Apart from the pictures, which must be omitted, restate the data exactly.

Segment Start: Extracted material

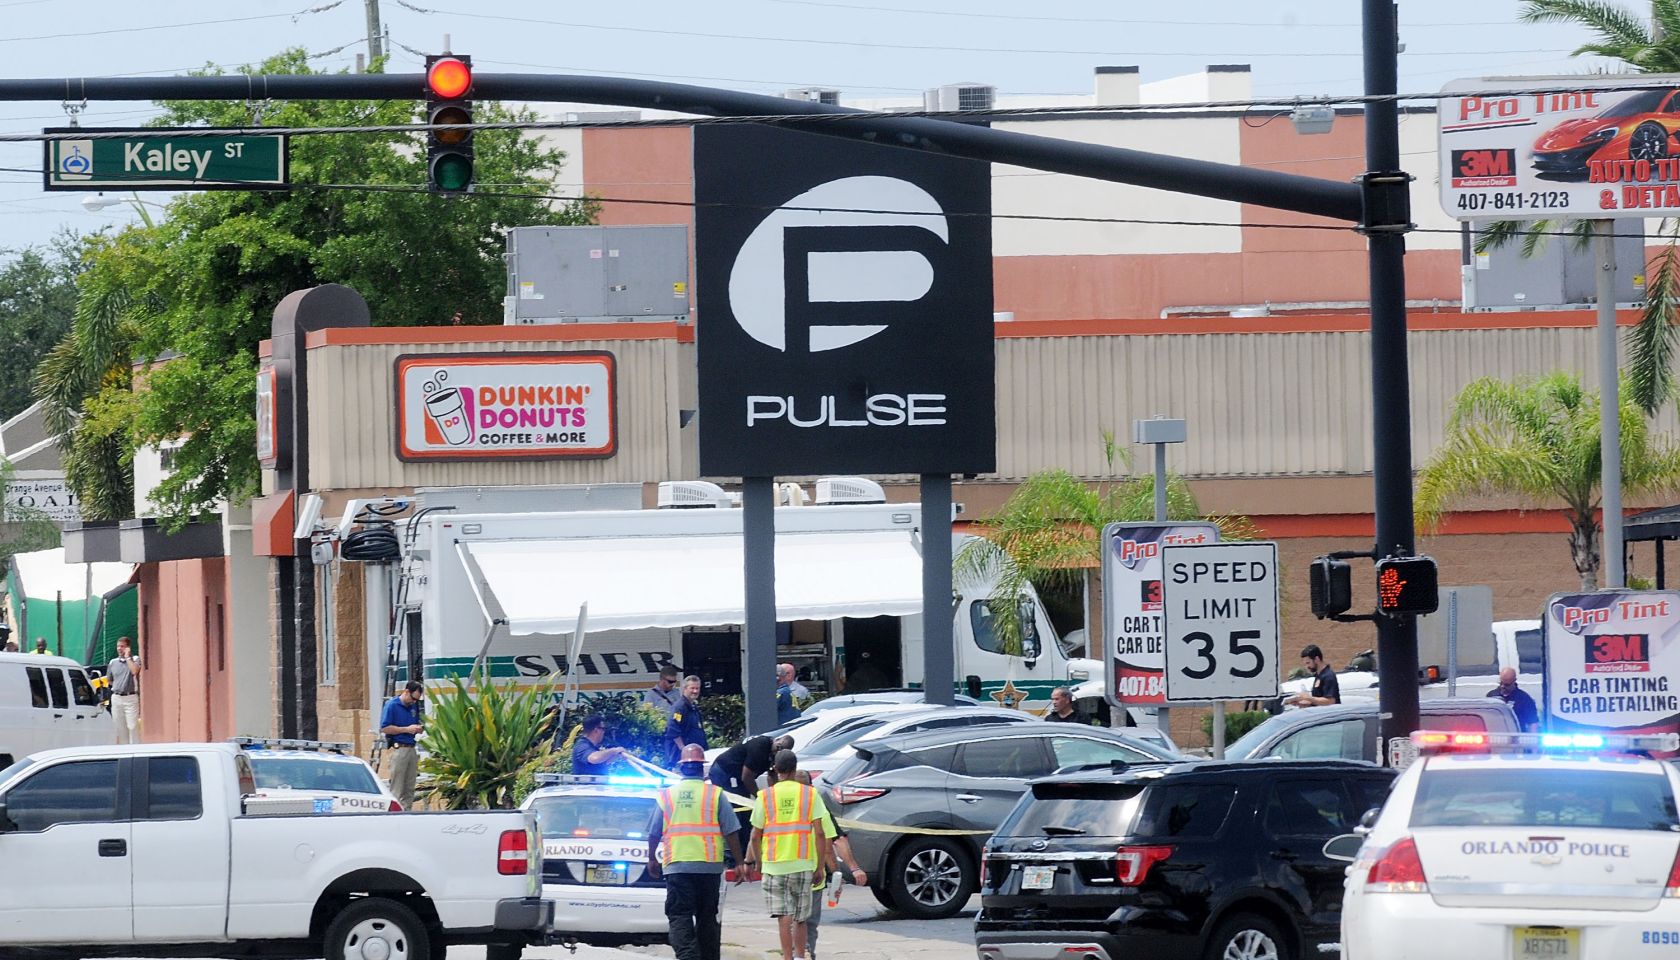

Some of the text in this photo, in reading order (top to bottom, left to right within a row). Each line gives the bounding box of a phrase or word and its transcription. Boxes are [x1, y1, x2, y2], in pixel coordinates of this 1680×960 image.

[1459, 91, 1600, 121] Pro Tint
[124, 142, 244, 178] Kaley ST
[1460, 150, 1509, 177] 3M
[1589, 158, 1680, 184] AUTO TI
[1457, 191, 1569, 210] 407-841-2123
[1599, 188, 1618, 210] &
[479, 385, 590, 407] DUNKIN'
[479, 407, 586, 428] DONUTS
[746, 393, 947, 428] PULSE
[479, 432, 586, 445] COFFEE & MORE
[5, 484, 32, 495] Orange
[34, 483, 62, 493] Avenue
[1122, 541, 1158, 560] Pro
[1172, 561, 1267, 584] SPEED
[1184, 598, 1257, 620] LIMIT
[1564, 600, 1669, 627] Pro Tint
[1124, 616, 1149, 633] CAR
[1117, 636, 1143, 654] CAR
[1181, 630, 1265, 680] 35
[1593, 635, 1642, 663] 3M
[1568, 676, 1668, 694] CAR TINTING
[1560, 695, 1678, 713] CAR DETAILING
[341, 797, 386, 810] POLICE
[545, 845, 593, 856] RLANDO
[1461, 841, 1630, 858] ORLANDO POLICE
[1642, 931, 1679, 944] 8090
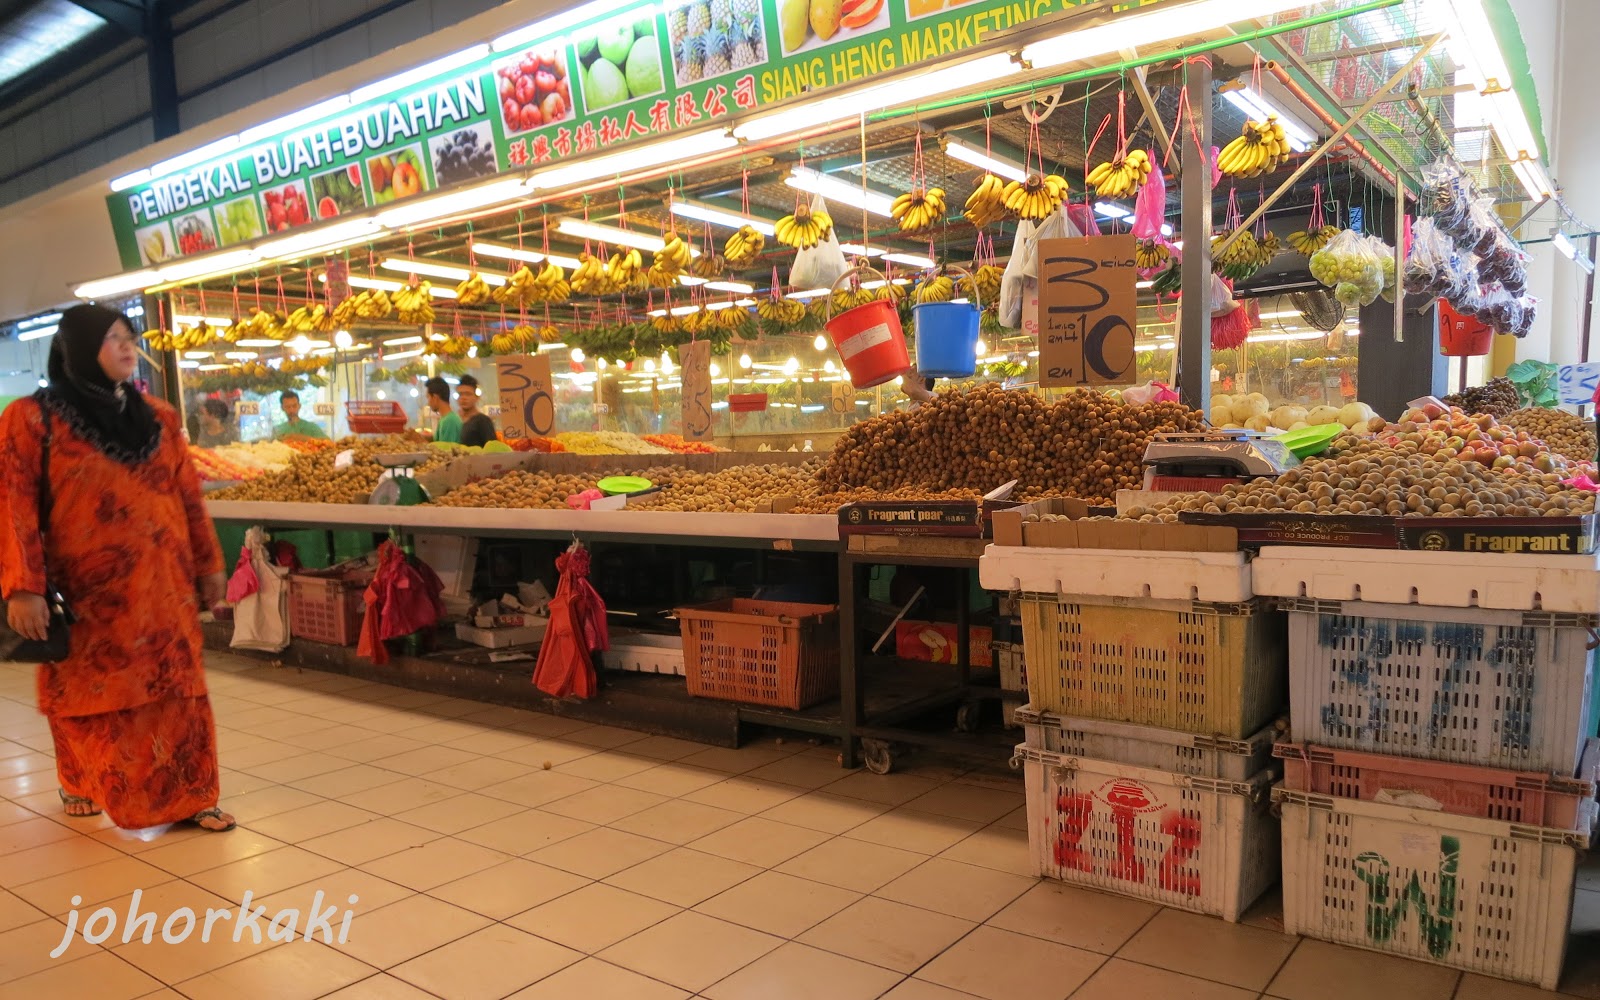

Segment End: Extracted material

▸ **Answer box**
Some of the text in this photo, in reading order (top to bottom, left to right within a row). Each line gives the bounding box of a phrase or word and its transcription. Boxes are [x1, y1, x2, y2], in pixel coordinates of this 1680×960 image.

[1459, 91, 1600, 121] Pro Tint
[124, 142, 244, 178] Kaley ST
[1460, 150, 1509, 177] 3M
[1589, 158, 1680, 184] AUTO TI
[1457, 191, 1569, 210] 407-841-2123
[1599, 188, 1618, 210] &
[479, 385, 590, 407] DUNKIN'
[479, 407, 586, 428] DONUTS
[746, 393, 947, 428] PULSE
[479, 432, 586, 445] COFFEE & MORE
[5, 484, 32, 495] Orange
[34, 483, 62, 493] Avenue
[1122, 541, 1158, 560] Pro
[1172, 561, 1267, 584] SPEED
[1184, 598, 1257, 620] LIMIT
[1564, 600, 1669, 627] Pro Tint
[1124, 616, 1149, 633] CAR
[1117, 636, 1143, 654] CAR
[1181, 630, 1265, 680] 35
[1593, 635, 1642, 663] 3M
[1568, 676, 1668, 694] CAR TINTING
[1560, 695, 1678, 713] CAR DETAILING
[341, 797, 386, 810] POLICE
[545, 845, 593, 856] RLANDO
[1461, 841, 1630, 858] ORLANDO POLICE
[1642, 931, 1679, 944] 8090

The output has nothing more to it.